April 16, 2011 at 11:36 am
Hi guys I have a quick question about using hierarchyid for storing url's in the database. Seems like the most optimal solution. So for example if url is /Content/News/October.... to find this in a hierarchy table and get the id.
Here is what I have so far:
CREATE TABLE [dbo].[Table_1](
[id] [hierarchyid] NOT NULL,
[urlName] [varchar](50) NOT NULL,
CONSTRAINT [PK_Table_1] PRIMARY KEY CLUSTERED
(
[id] ASC
)WITH (PAD_INDEX = OFF, STATISTICS_NORECOMPUTE = OFF, IGNORE_DUP_KEY = OFF, ALLOW_ROW_LOCKS = ON, ALLOW_PAGE_LOCKS = ON) ON [PRIMARY]
) ON [PRIMARY]
Now just inserting random stuff into it
INSERT INTO [Table_1] ([Id], [UrlName]) VALUES
(hierarchyid::GetRoot(), '/', 0),
('/1/', 'Content'),
('/1/1/', 'Articles'),
('/1/2/', 'News'),
('/1/2/3', 'October')
there is also a plain index on urlName column.
Here is what I'm trying to do. I get a url passed in and from there traverse the tree to get to find the node.
declare @url varchar(1000) = '/Content/News/October'
DECLARE @parentId hierarchyid
select @parentId = id from Table_1 where urlName = 'Content';
select * from Table_1
where id.IsDescendantOf(@parentId) = 1
However I get stuck right out here...not sure how to continue going through. Am I just better off writing parent/child int id columns and self join?
Thanks for any advice.
April 16, 2011 at 2:17 pm
Inherently, URL's are already a form of hierarchy "ID". Are you sure it's worth using HierarchyID for this?
--Jeff Moden
Change is inevitable... Change for the better is not.
April 16, 2011 at 9:14 pm
The reason I think it makes sense is because hierarchyid is stored in leafnodes so that when I have to get the id (which is what I'm after) by parsing the url it might be less work on the server by jumping through leaf nodes vs mugging entire table.
I've never implemented this type of ordeal, so open to suggestions. Just seems like hierarchyid is meant for stuff like this. But it might not be the best, I don't really know.

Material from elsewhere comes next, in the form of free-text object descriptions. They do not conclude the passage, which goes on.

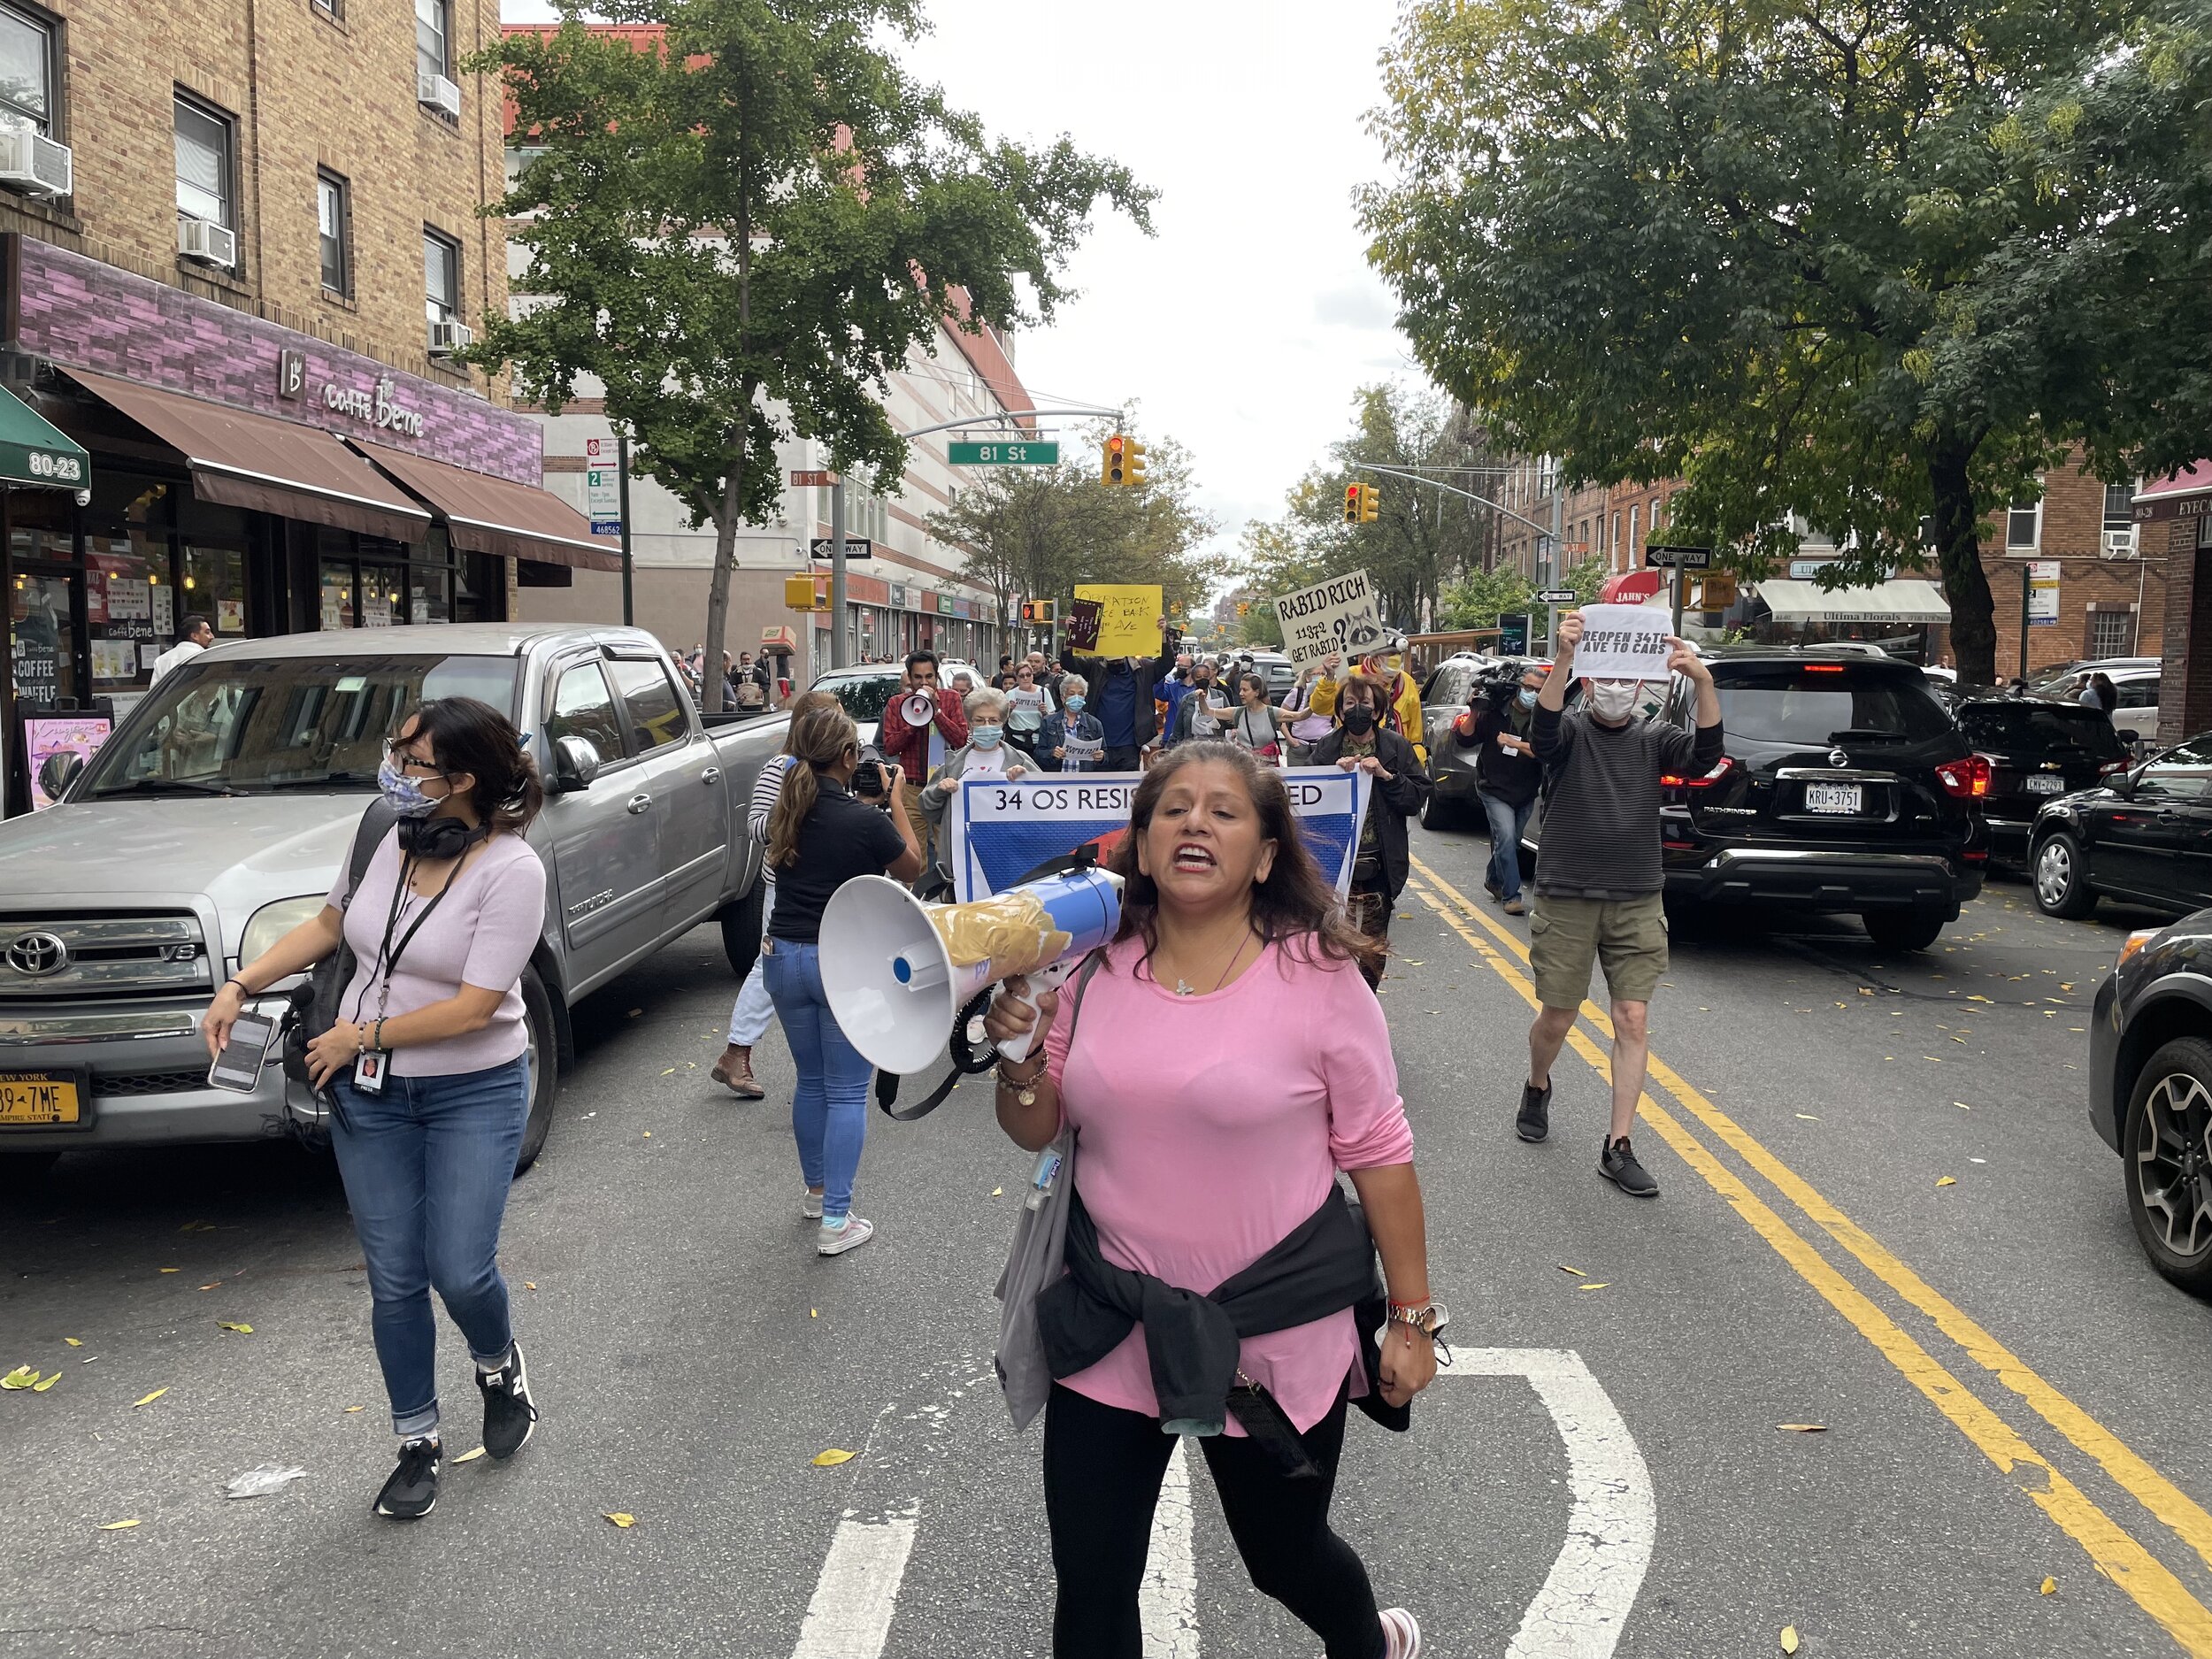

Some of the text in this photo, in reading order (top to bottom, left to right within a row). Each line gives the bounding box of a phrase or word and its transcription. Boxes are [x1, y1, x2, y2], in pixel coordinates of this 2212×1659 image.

[979, 446, 1026, 461] 81 St
[29, 452, 81, 480] 80-23
[591, 472, 598, 486] 2
[793, 473, 818, 485] 81 ST
[596, 526, 620, 534] 468562
[1655, 552, 1702, 563] ONE WAY
[1279, 575, 1366, 621] RABID RICH
[1616, 592, 1650, 603] JAHN'S
[1824, 611, 1901, 620] Ultima Florals
[1295, 621, 1326, 640] 11372
[1582, 631, 1632, 642] REOPEN
[1292, 637, 1339, 663] GET RABID
[1583, 641, 1666, 654] AVE TO CARS
[19, 660, 54, 677] COFFEE
[995, 789, 1022, 810] 34
[1032, 789, 1068, 810] OS
[1703, 806, 1757, 816] PATHFINDER
[159, 944, 196, 961] V8

April 16, 2011 at 10:20 pm
If you take a look at the hierarchy ID column you posted, it's just numbers that represent the "layers" of the URL. Your problem is now how to put those layers back together to find a single leaf node and it's difficult because you have to first find each HierarchyID for each layer of the URL before you can look up the URL. It'll be a lot faster if you just store the URL layers. If you need to find all member of a given layer, then a simple Adjacency List (you called it a Parent Child list) converted to a HierarchyID would be better provided they lived side-by-side in the same table.
Of course, the Nirvana of such Hierarchical things would be to convert to a Nested Set.

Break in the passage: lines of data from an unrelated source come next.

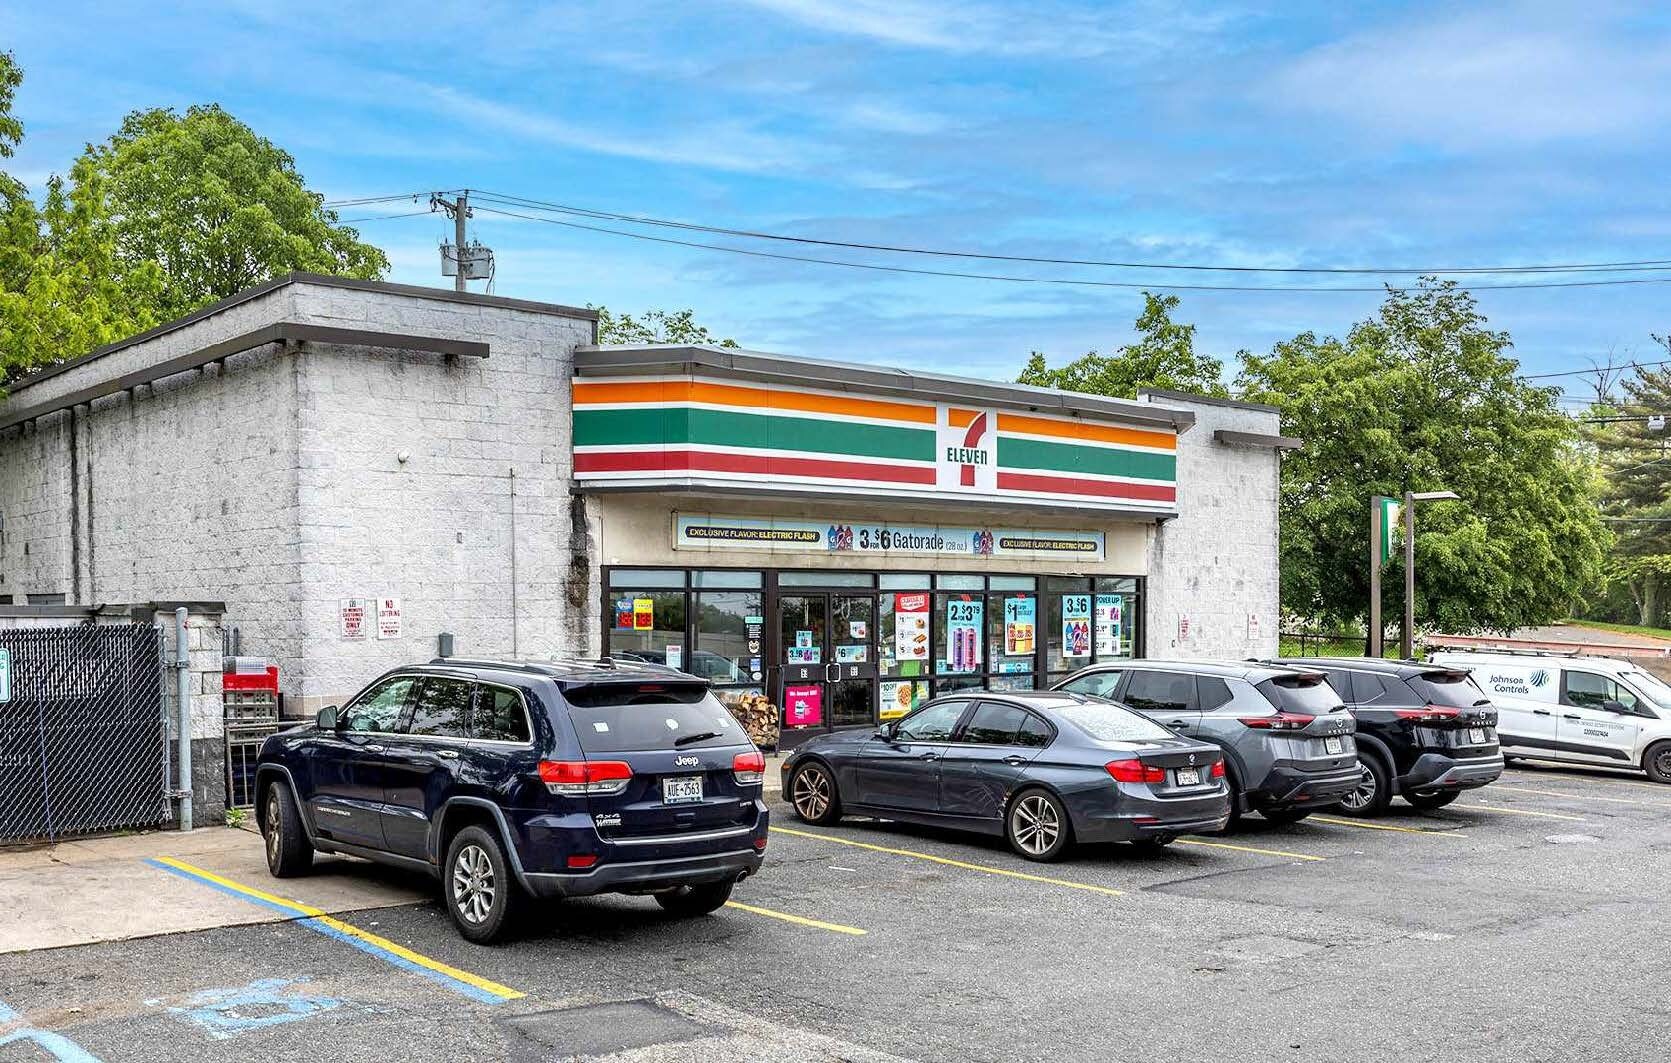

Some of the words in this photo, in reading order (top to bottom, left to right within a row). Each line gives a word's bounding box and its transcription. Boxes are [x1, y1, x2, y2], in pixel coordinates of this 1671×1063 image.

[960, 411, 987, 487] 7
[689, 528, 729, 537] EXCLUSIVE
[758, 531, 793, 540] ELECTRIC
[794, 533, 817, 541] FLASH
[860, 529, 870, 549] 3
[875, 528, 891, 550] $6
[893, 531, 944, 550] Gatorade
[1003, 539, 1032, 548] EXCLUSIVE
[1052, 541, 1077, 550] ELECTRIC
[1077, 542, 1095, 550] FLASH
[1007, 603, 1017, 621] $1
[1066, 598, 1074, 613] 3
[1077, 597, 1087, 613] $6
[950, 605, 958, 621] 2
[1489, 674, 1524, 685] Johnson
[1494, 683, 1529, 694] Controls
[675, 755, 699, 767] Jeep

If you could post your table definition and the data you're trying to turn into a hierarchy (see the first link in my signature line below for how to do that correctly for a forum), I might be able to better show you what I mean.
--Jeff Moden
Change is inevitable... Change for the better is not.
April 16, 2011 at 10:59 pm
AssetLine.com is the only truly global online exchange where the risk is taken out of buying and selling used construction equipment over the internet.
April 17, 2011 at 6:20 pm
Thanks Jeff,
Here is what we have now:
Table and it's indexes
CREATE TABLE [dbo].[UrlContent](
[pageid] [int] NOT NULL,
CONSTRAINT [PK_UrlContent] PRIMARY KEY CLUSTERED
(
[pageid] ASC
)WITH (PAD_INDEX = OFF, STATISTICS_NORECOMPUTE = OFF, IGNORE_DUP_KEY = OFF, ALLOW_ROW_LOCKS = ON, ALLOW_PAGE_LOCKS = ON) ON [PRIMARY]
) ON [PRIMARY]
GO
SET ANSI_PADDING OFF
GO
/****** Object: Index [IX_UrlContent] Script Date: 04/17/2011 17:06:05 ******/
CREATE UNIQUE NONCLUSTERED INDEX [IX_UrlContent] ON [dbo].[UrlContent]
(
)WITH (PAD_INDEX = OFF, STATISTICS_NORECOMPUTE = OFF, SORT_IN_TEMPDB = OFF, IGNORE_DUP_KEY = OFF, DROP_EXISTING = OFF, ONLINE = OFF, ALLOW_ROW_LOCKS = ON, ALLOW_PAGE_LOCKS = ON) ON [PRIMARY]
GO
sample data (just created a while loop to generate insert statement:
INSERT INTO [dbo].[UrlContent]
([pageid]
VALUES
(10
,'Content/News/October/SomeFunArticle'),
(11
,'Content/News/October/SomeArticleTitle/Page1'),
/* printing random data to build a simple insert statement to shrink it. But our table has thousands of rows. */
declare @counter int = 2
while (@counter < 500)
begin
print '(' + cast(@counter as varchar) + ', ''Content/News/October/SomeArticleTitle/Page' + cast(@counter as varchar) + '''),'
set @counter = @counter + 1
end
We are running into issues with this setup because there is a lot of duplicated content and it is also very difficult to find child nodes. For example all news for October. There isn't a hierarchy of one item being 'Content' other being 'News' with some parent/child relationship.
What would you advice?
Thank you very much,
Chris
April 17, 2011 at 7:19 pm
chrisLosAngles (4/17/2011)
What would you advice?
"Consistency and extensibility".
First, you're going to hate yourself in another year when another "October" comes around. You MUST include the year for your "volume" markers.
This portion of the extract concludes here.